The newsletter has other items of interest, including an invitation to access WorkSafe's HSR Support channel by scanning a QR code. Note, however, at this stage we are not recommending WorkSafe's support service for injured workers, as we believe there a few issues to be resolved. If you are injured on the job, then contact your union as soon as possible if you have any questions or issues. You can also contact the VTHC's Union Assist for expert advice. Check out the April edition of the HSR Newsletter.
Safety Soapbox April edition
The latest edition of Safety Soapbox was sent out last week.
The edition's editorial looks in detail at the changes introduced to the regulations in November 2021 to further protect workers against crystalline silica. While some of the changes commenced immediately in November, two requirements will commence on May 15, 2022. If you work with crystalline silica, then you need to check out what should be in place in your workplace. Also check the summary of the regulations, here.
As well as this major information piece, there are items on International Workers' Memorial Day, a summary of the changes to the OHS Act to specifically cover labor hire workers, and more.
In April the construction industry reported 214 incidents to WorkSafe. Of these, 74 per cent resulted in injury. 20 per cent involved young workers. Go to this page on the WorkSafe website for the April edition of Safety Soapbox.
National Fatality Statistics 2022
Safe Work Australia has not updated its statistics on fatalities since April 21, at which time it had been notified that 52 Australian workers had been killed at work this year, this is five more than at the time of its previous update on April 7.
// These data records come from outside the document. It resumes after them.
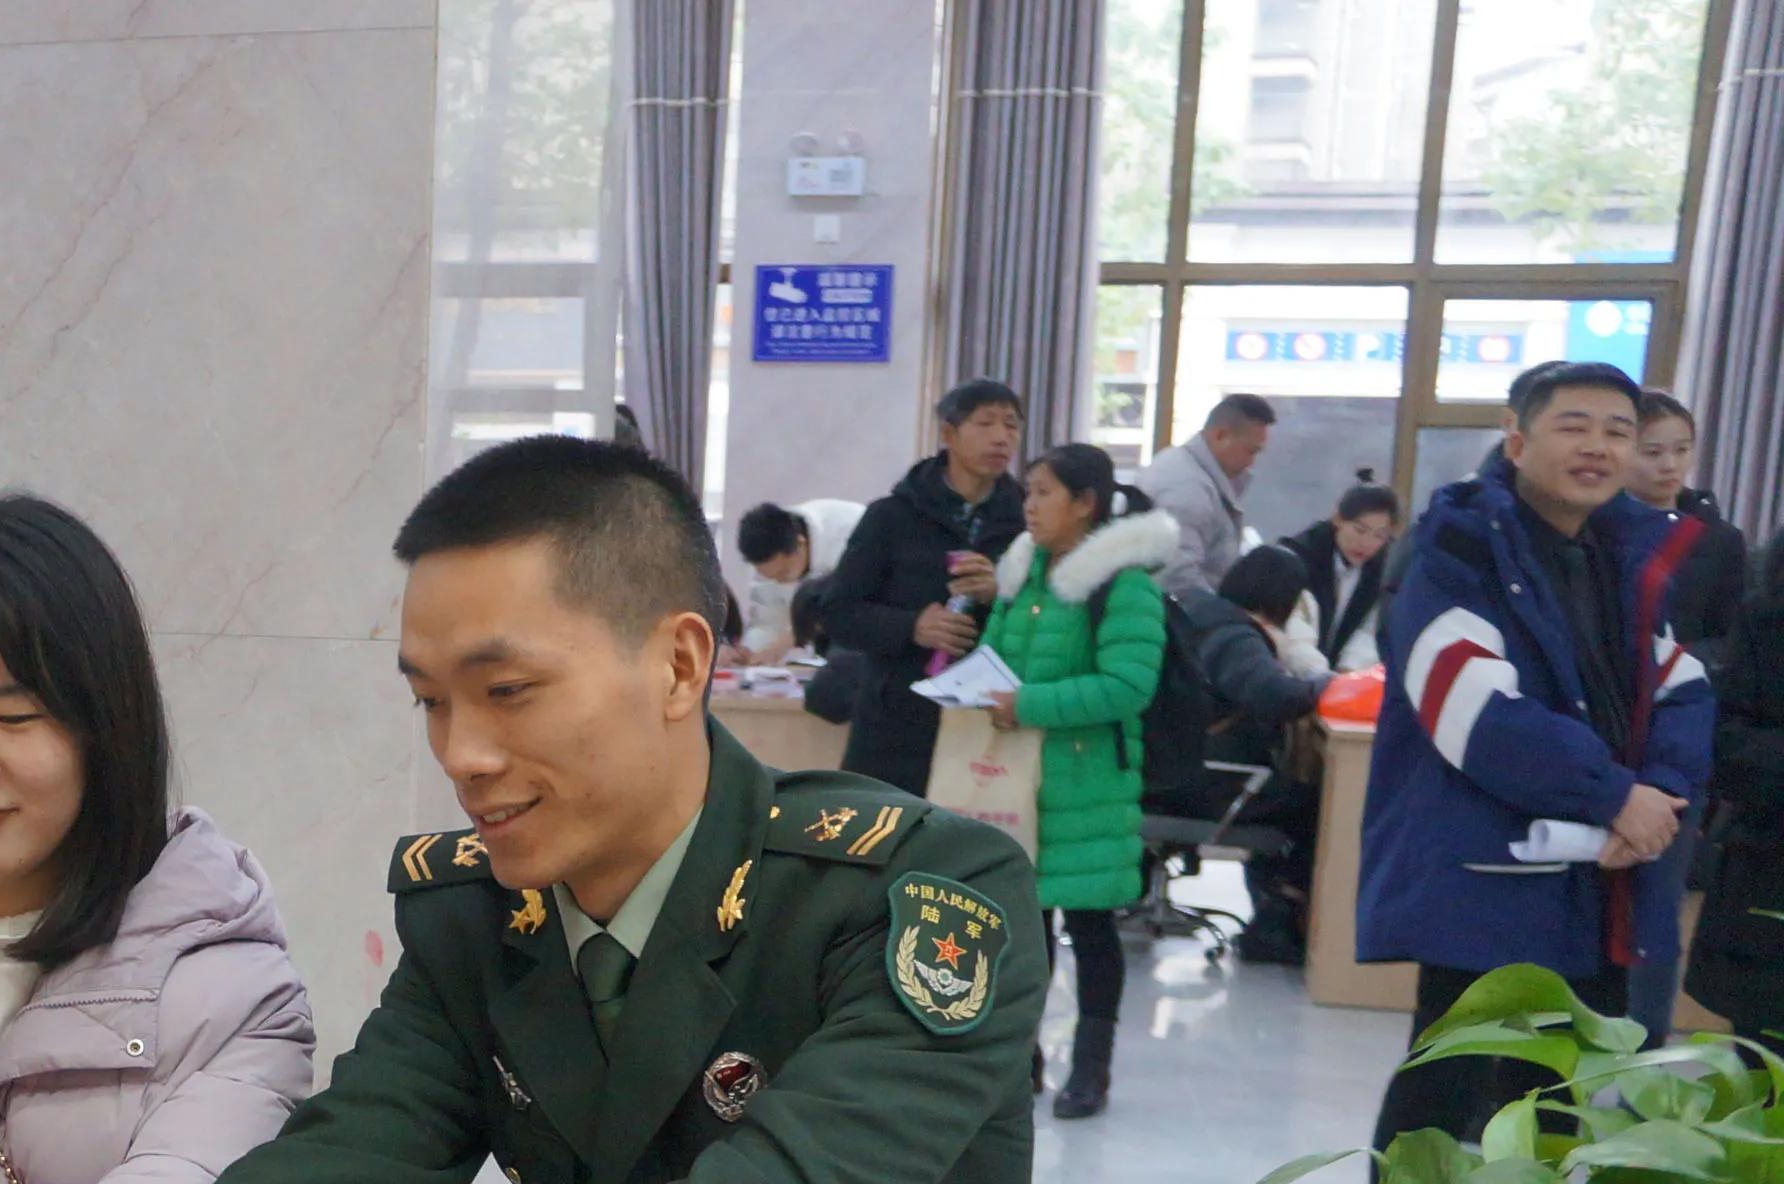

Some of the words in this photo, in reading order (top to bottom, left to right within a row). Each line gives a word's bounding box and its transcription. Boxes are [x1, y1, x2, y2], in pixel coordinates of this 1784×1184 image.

[904, 882, 1002, 930] 中国人民解放军
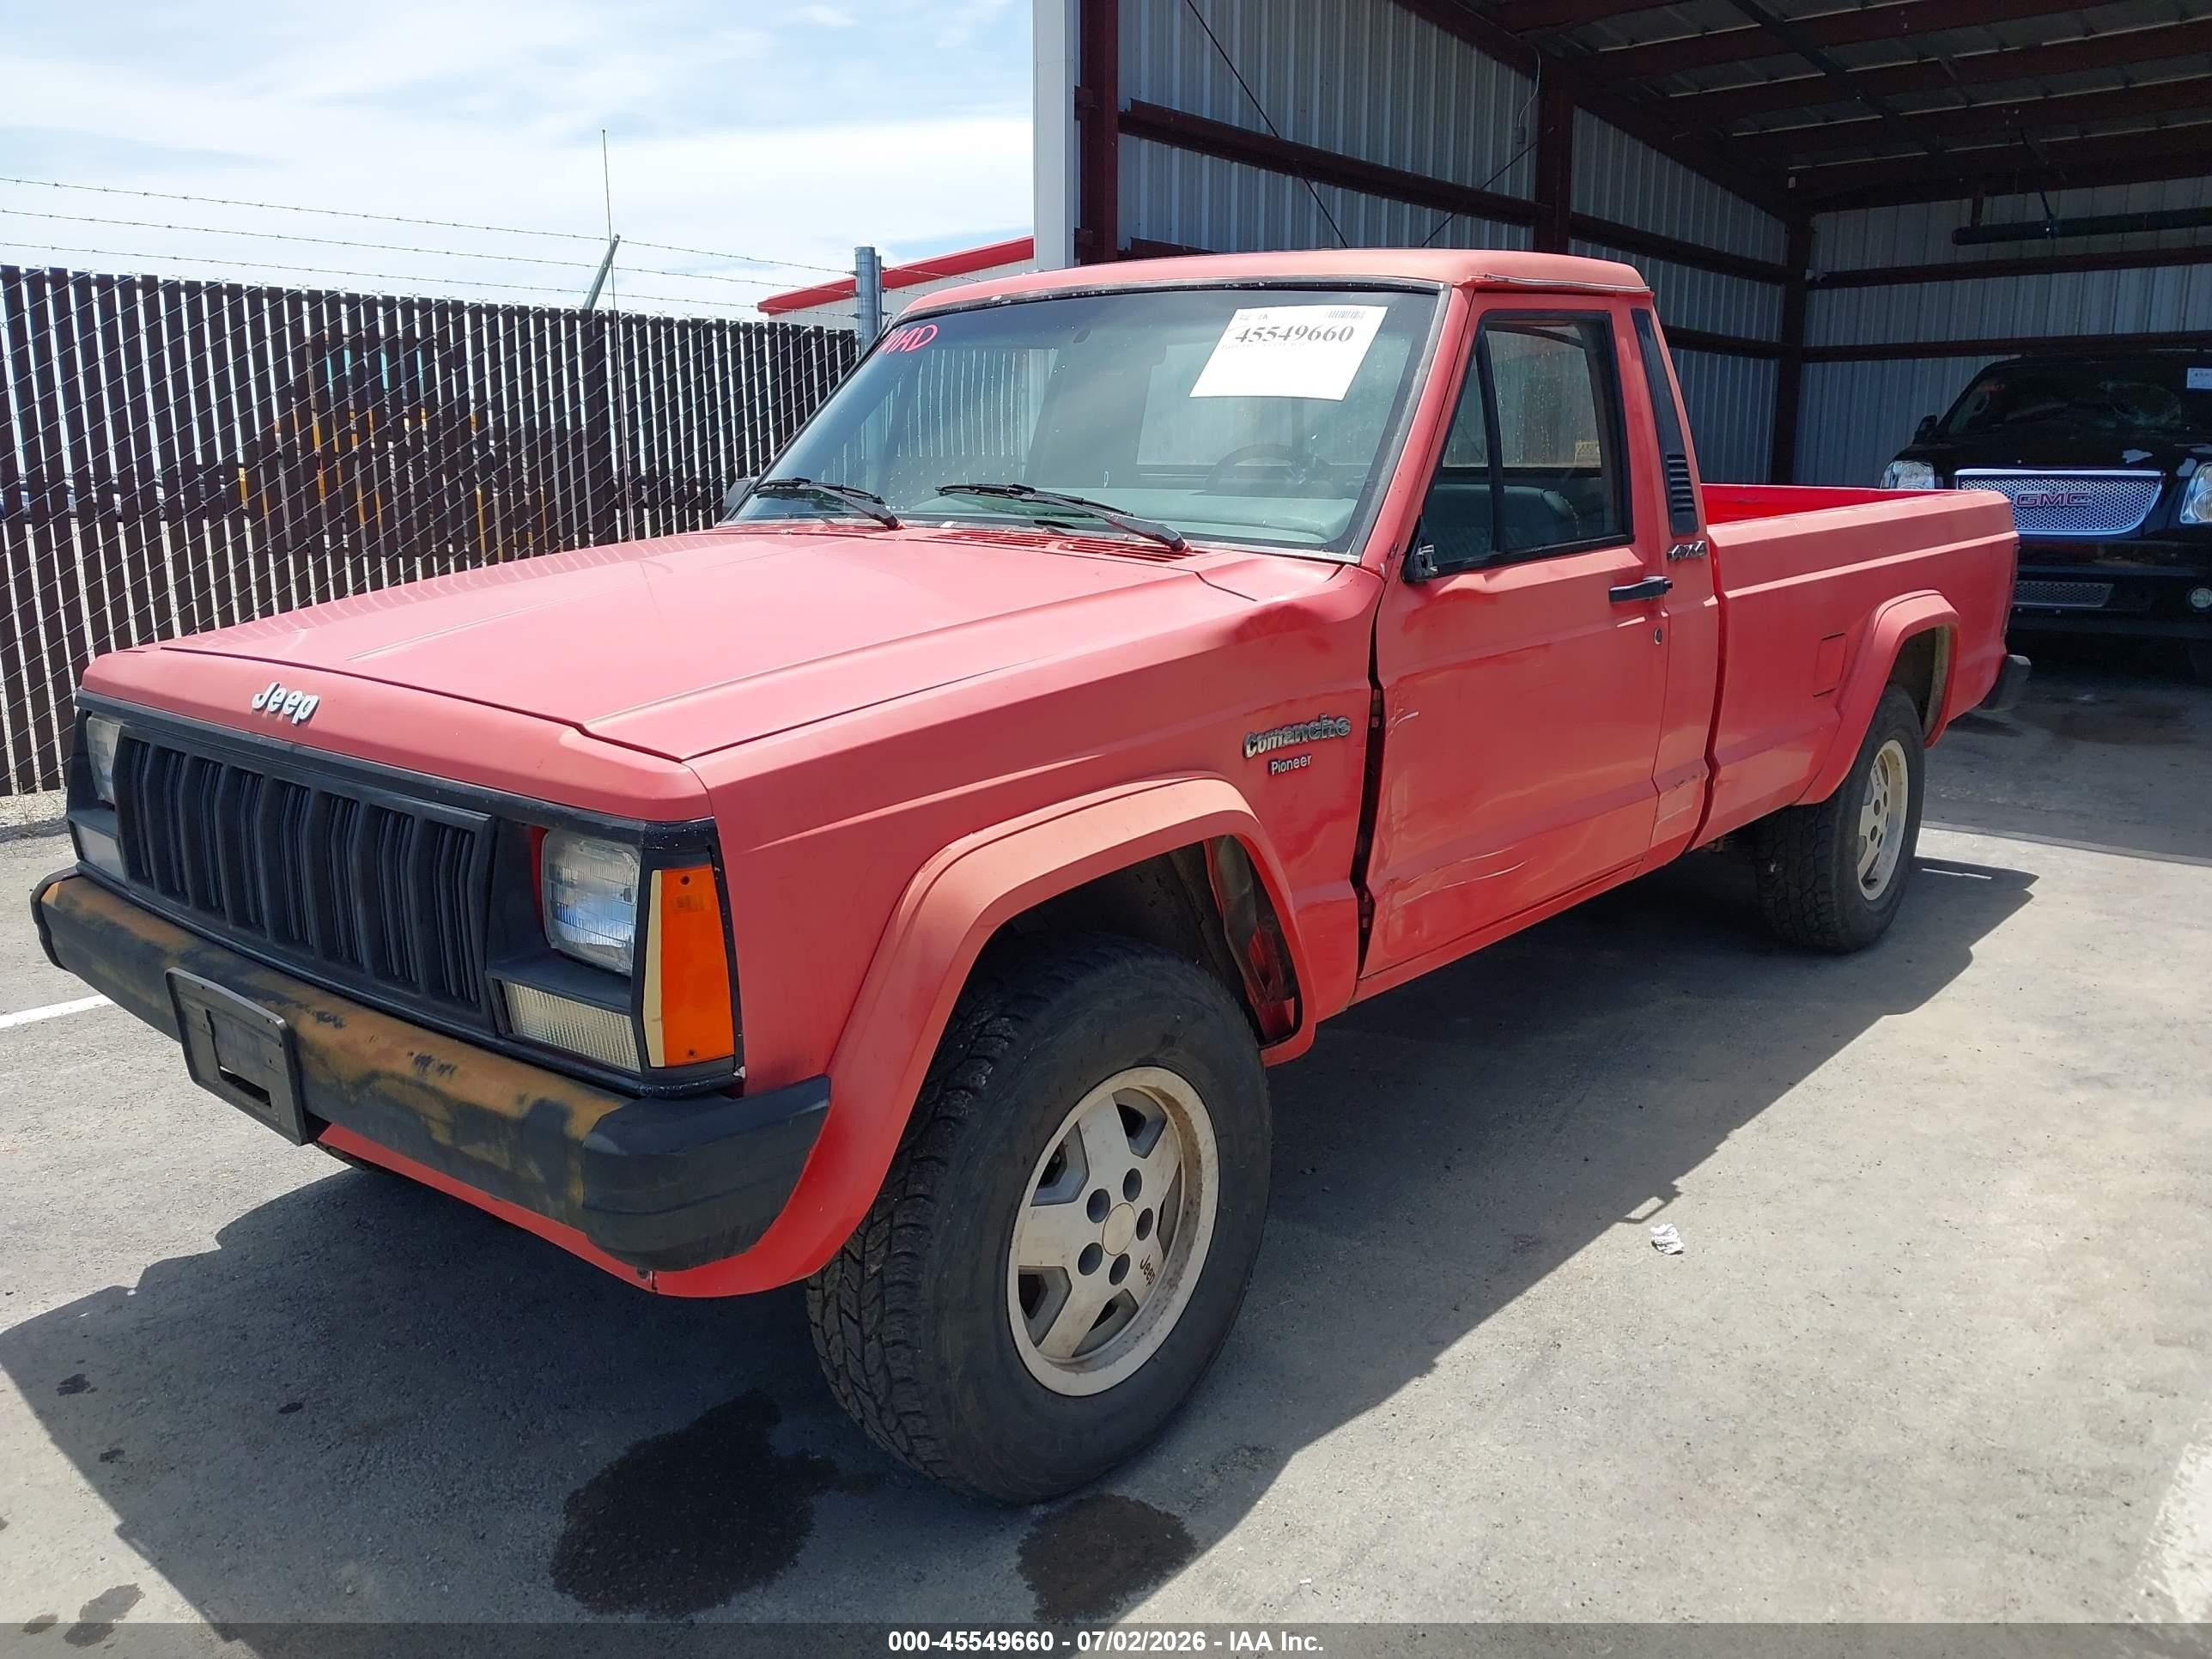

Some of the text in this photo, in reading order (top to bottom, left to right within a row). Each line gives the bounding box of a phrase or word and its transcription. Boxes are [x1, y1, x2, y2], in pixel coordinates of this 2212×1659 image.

[1235, 325, 1355, 343] 45549660
[2016, 493, 2089, 507] GMC
[252, 682, 320, 726] Jeep
[1243, 714, 1352, 757] Comanche
[1271, 756, 1312, 775] Pioneer
[1139, 1255, 1156, 1286] Jeep
The fatalities have been in the following sectors:
- 24 in Transport, postal & warehousing
- 12 in Agriculture, forestry & fishing
- 4 in Public administration & safety
- 3 in Construction
- 2 in Electricity, gas, water & waste services
- 4 in 'other services'
- 1 in Accommodation & food services
- 1 in Manufacturing
- 1 in Mining
These figures are based mainly on initial media reports and provide a preliminary estimate of the number of people killed while working. Once the appropriate authority has investigated the death, more accurate information becomes available from which Safe Work Australia updates details of the incident. Consequently, sometimes the numbers of deaths in each sector change. To check for updates, and for more details on fatalities since 2003, go to the Safe Work Australia Preliminary worker deaths webpage. Updated information is used to publish Safe Work Australia’s annual Work-related Traumatic Injury Fatalities database which includes finalised work-related fatalities from 2003 onwards. Note that the figures are based on preliminary reports, and so at times will change.